*** Begin section ***

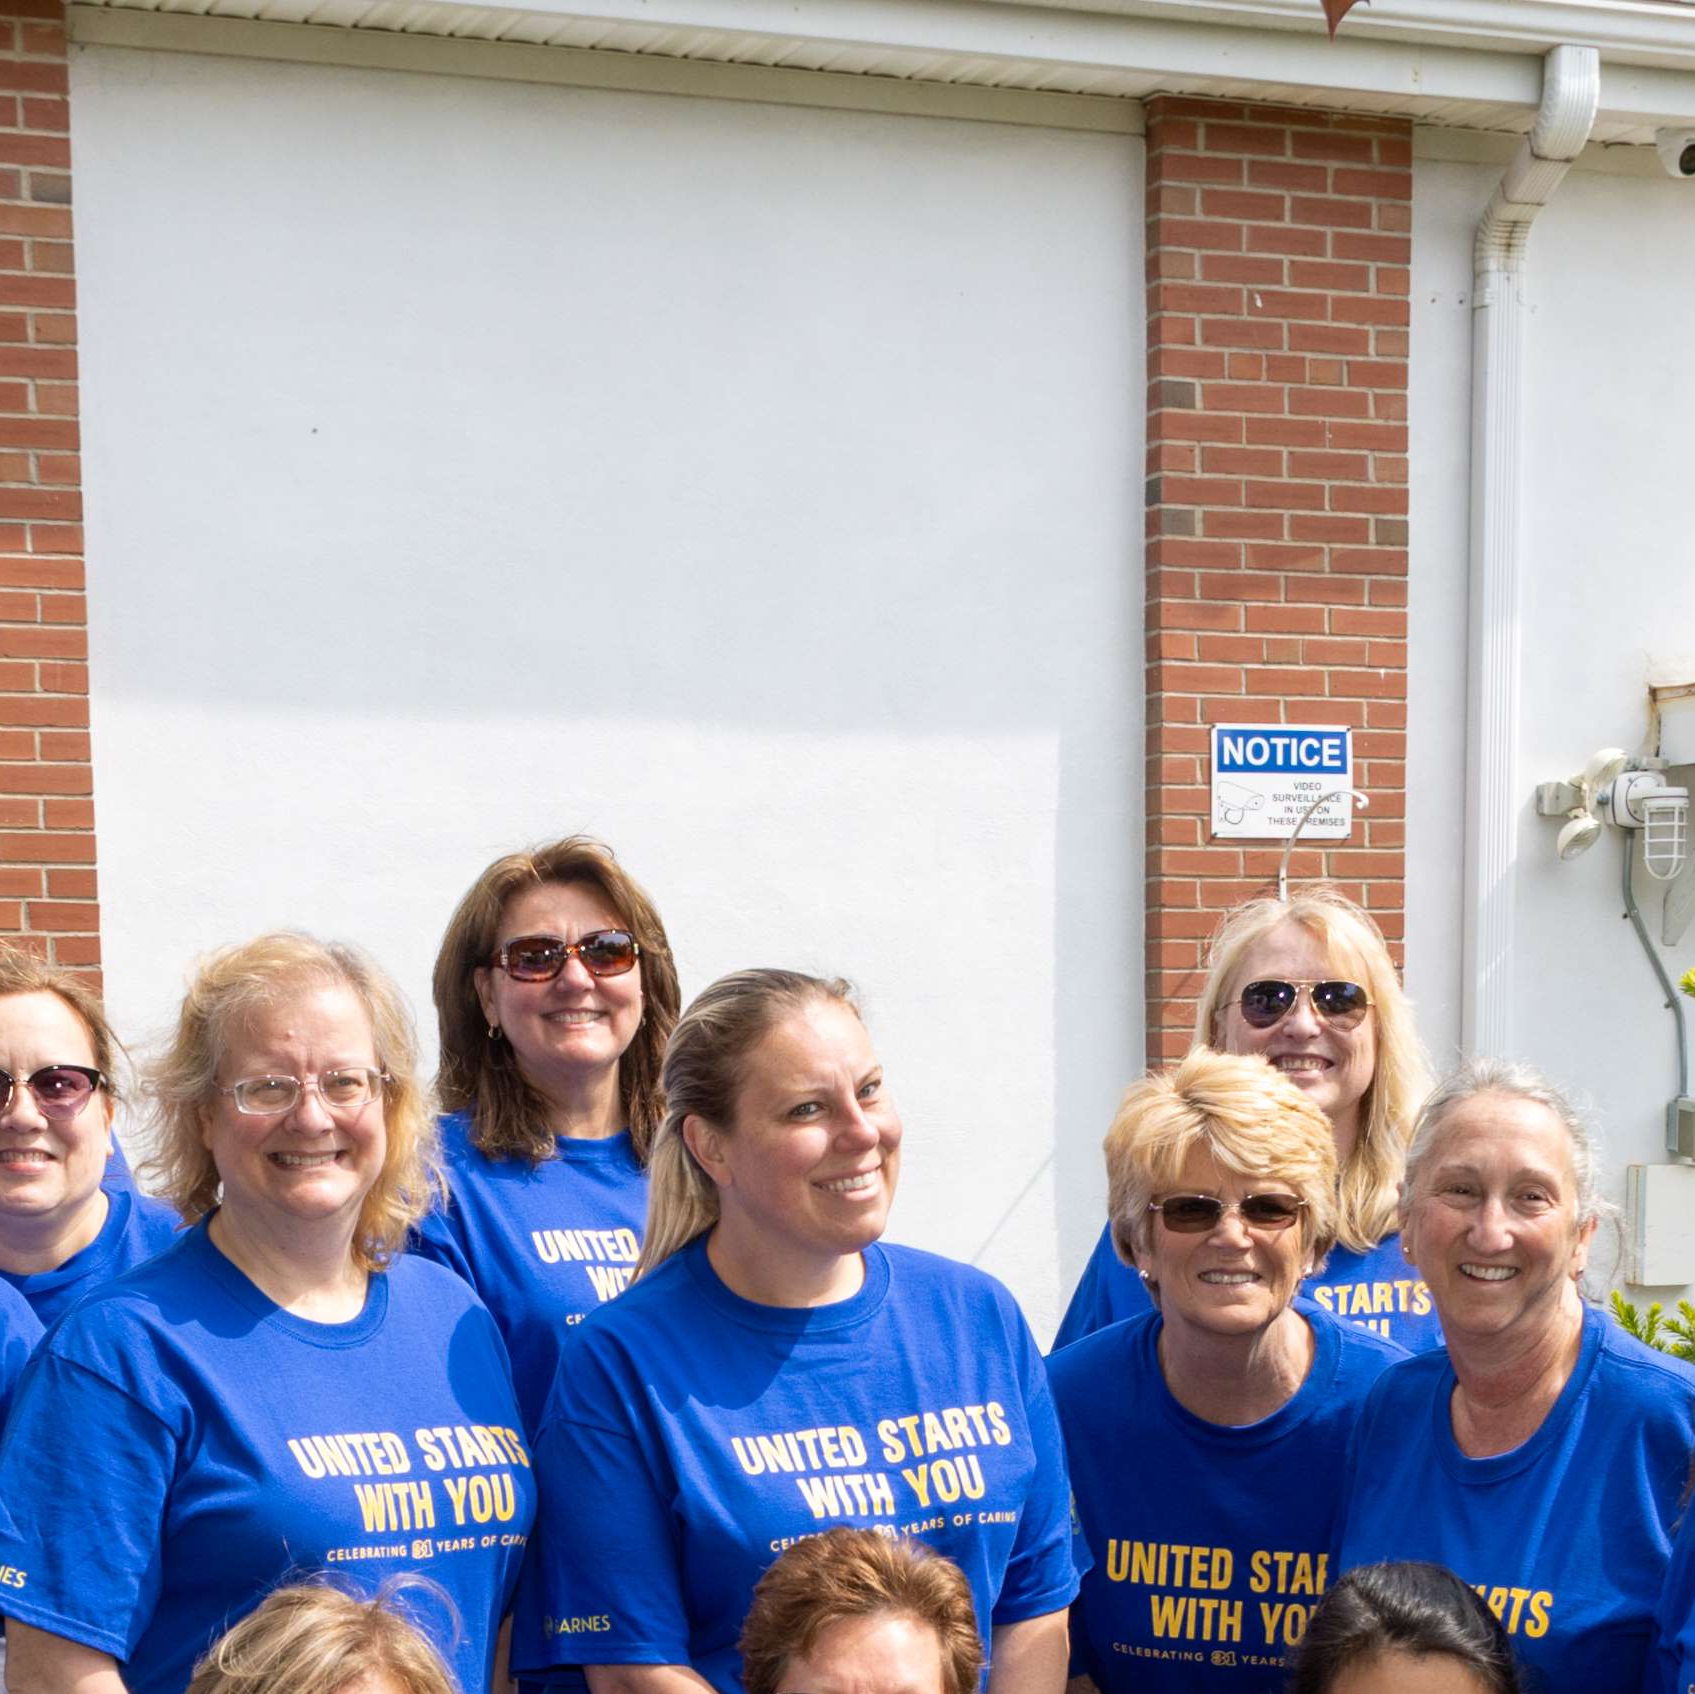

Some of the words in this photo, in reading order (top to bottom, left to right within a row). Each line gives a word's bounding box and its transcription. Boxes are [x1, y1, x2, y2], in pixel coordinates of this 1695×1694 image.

[1223, 736, 1342, 767] NOTICE
[1272, 794, 1342, 803] SURVEILLCE
[1293, 782, 1322, 791] VIDEO
[1268, 817, 1297, 826] THESE
[1306, 818, 1345, 826] REMISES
[1284, 806, 1293, 814] IN
[1296, 806, 1310, 814] US
[1317, 806, 1330, 815] ON
[531, 1228, 641, 1264] UNITED
[1314, 1280, 1431, 1315] STARTS
[287, 1432, 411, 1480] UNITED
[414, 1424, 530, 1471] STARTS
[731, 1425, 868, 1476] UNITED
[877, 1401, 1012, 1464] STARTS
[353, 1480, 436, 1532] WITH
[443, 1473, 515, 1525] YOU
[796, 1472, 896, 1520] WITH
[902, 1454, 986, 1508] YOU
[901, 1516, 945, 1537] YEARS
[953, 1513, 972, 1527] OF
[978, 1510, 1017, 1525] CARING
[326, 1544, 407, 1562] CELEBRATING
[436, 1538, 475, 1552] YEARS
[481, 1534, 497, 1548] OF
[1107, 1538, 1234, 1590] UNITED
[1250, 1550, 1330, 1596] STA
[554, 1614, 611, 1634] ARNES
[1150, 1594, 1244, 1642] WITH
[1259, 1601, 1316, 1647] YO
[1112, 1641, 1205, 1662] CELEBRATING
[1241, 1653, 1286, 1668] YEARS

*** End section ***

■ ACTIVITY:
Repeat the listing verbatim. Skip the pictures.

■ ANSWER SECTION:
Some of the words in this photo, in reading order (top to bottom, left to right within a row). Each line gives a word's bounding box and its transcription. Boxes are [x1, y1, x2, y2], in pixel coordinates of this 1695×1694 image.

[1223, 736, 1342, 767] NOTICE
[1272, 794, 1342, 803] SURVEILLCE
[1293, 782, 1322, 791] VIDEO
[1268, 817, 1297, 826] THESE
[1306, 818, 1345, 826] REMISES
[1284, 806, 1293, 814] IN
[1296, 806, 1310, 814] US
[1317, 806, 1330, 815] ON
[531, 1228, 641, 1264] UNITED
[1314, 1280, 1431, 1315] STARTS
[287, 1432, 411, 1480] UNITED
[414, 1424, 530, 1471] STARTS
[731, 1425, 868, 1476] UNITED
[877, 1401, 1012, 1464] STARTS
[353, 1480, 436, 1532] WITH
[443, 1473, 515, 1525] YOU
[796, 1472, 896, 1520] WITH
[902, 1454, 986, 1508] YOU
[901, 1516, 945, 1537] YEARS
[953, 1513, 972, 1527] OF
[978, 1510, 1017, 1525] CARING
[326, 1544, 407, 1562] CELEBRATING
[436, 1538, 475, 1552] YEARS
[481, 1534, 497, 1548] OF
[1107, 1538, 1234, 1590] UNITED
[1250, 1550, 1330, 1596] STA
[554, 1614, 611, 1634] ARNES
[1150, 1594, 1244, 1642] WITH
[1259, 1601, 1316, 1647] YO
[1112, 1641, 1205, 1662] CELEBRATING
[1241, 1653, 1286, 1668] YEARS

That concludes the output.